LeGuyader: If you can't properly link the derivatives and the exposure, you may not qualify for special accounting under FAS 133. In this instance, you would still have to show changes in fair value of the derivative, both on the balance sheet and in current earnings. The less specific you are in creating hedges that are identical to the underlying exposure, the greater the likelihood that contracts will be subject to mark-to-market accounting. The basis risk identified above may be too great to qualify for special accounting. [To mark-to-market is to adjust the valuation of a security or portfolio to reflect its current market value.]
Will compliance be easier for a vertically integrated, regional utility than for a power marketer?
Cohen: The regional utility, in many ways, has the same and potentially more complexity than the power marketer. The power marketer may potentially deal with all their transactions on a mark-to-market basis. By contrast, the regional integrated utility may want to retain some of the elements of its current hedge accounting.
To make the problem even more complex for your vertically integrated utility, they could have a non-regulated side of the business, which is independent of the marketing business. As a result, they could have one part of their business doing mark-to-market accounting while another part of their business is in a hedge accounting mode, meeting the special accounting requirements of FAS 133. This complex reporting situation will need to be reconciled both internally, to management, and externally, to readers of the financial statements.

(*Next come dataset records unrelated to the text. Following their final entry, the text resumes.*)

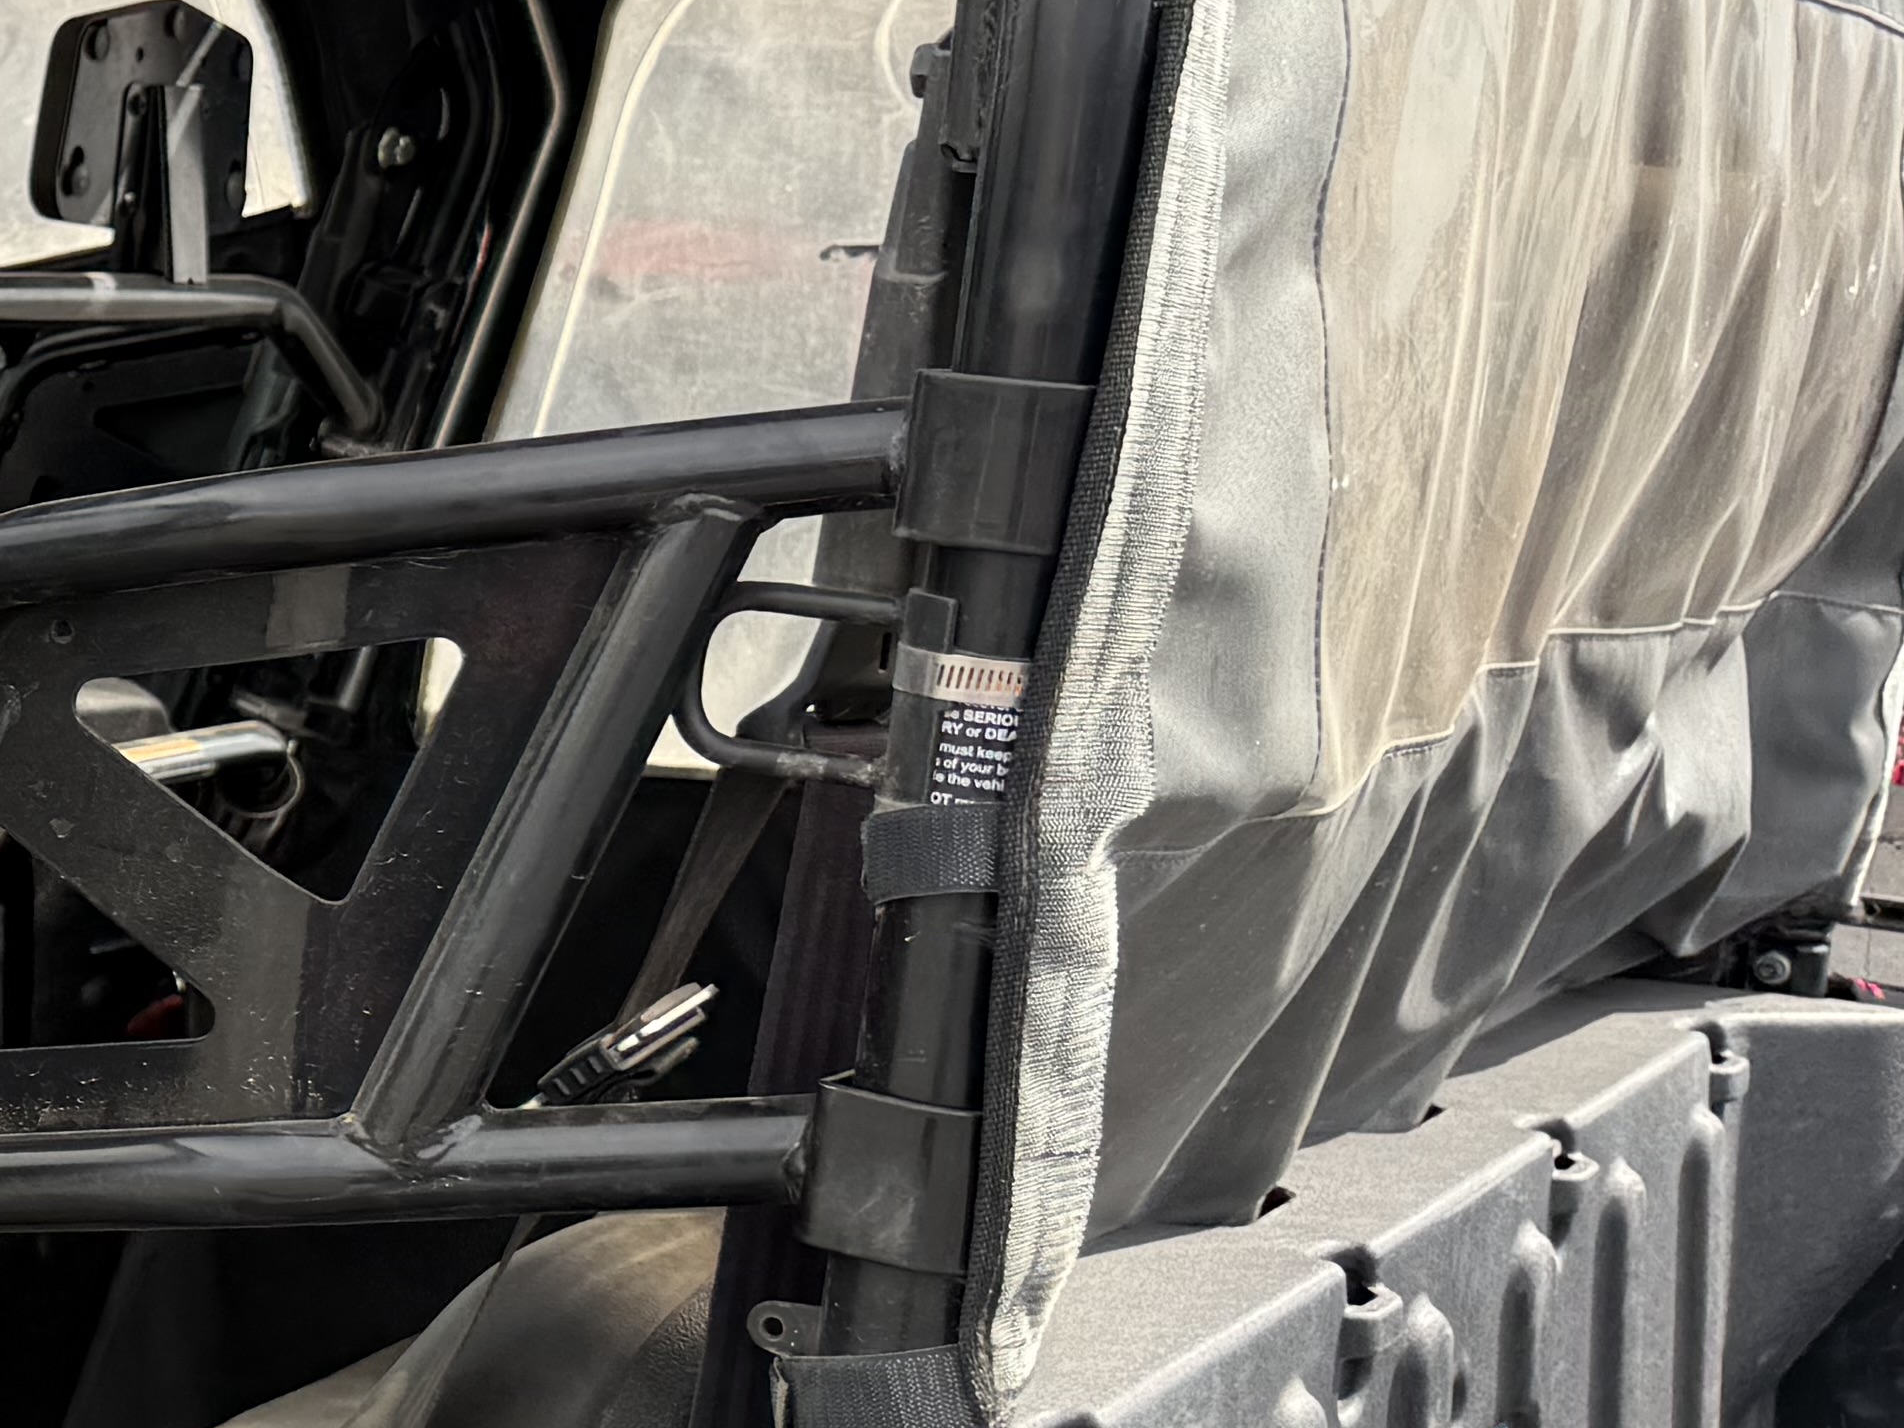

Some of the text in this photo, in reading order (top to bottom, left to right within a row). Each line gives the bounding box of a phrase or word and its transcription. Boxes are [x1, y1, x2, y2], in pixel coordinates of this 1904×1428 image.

[941, 721, 963, 735] RY
[965, 727, 982, 738] or
[939, 743, 1012, 764] must keep
[943, 757, 958, 770] of
[960, 761, 994, 774] your
[947, 773, 971, 787] the

How long does it take to assess and implement FAS 133?
Cohen: We are seeing that companies require from six to 12 months to implement the changes created by FAS 133. This goes beyond just systems. There are training issues. There is a significant documentation requirement. They have to reassess all their policies and procedures in the context of the standard.
For the energy utility industry, to the extent that there are complex option type of derivative contracts, you obviously need fairly sophisticated and robust models. Primarily accounting and valuation methodologies need to be embedded into the systems technology. They don't necessarily have to buy a new trading floor system.[End.]
Richard Stavros is Senior Editor for Public Utilities Fortnightly.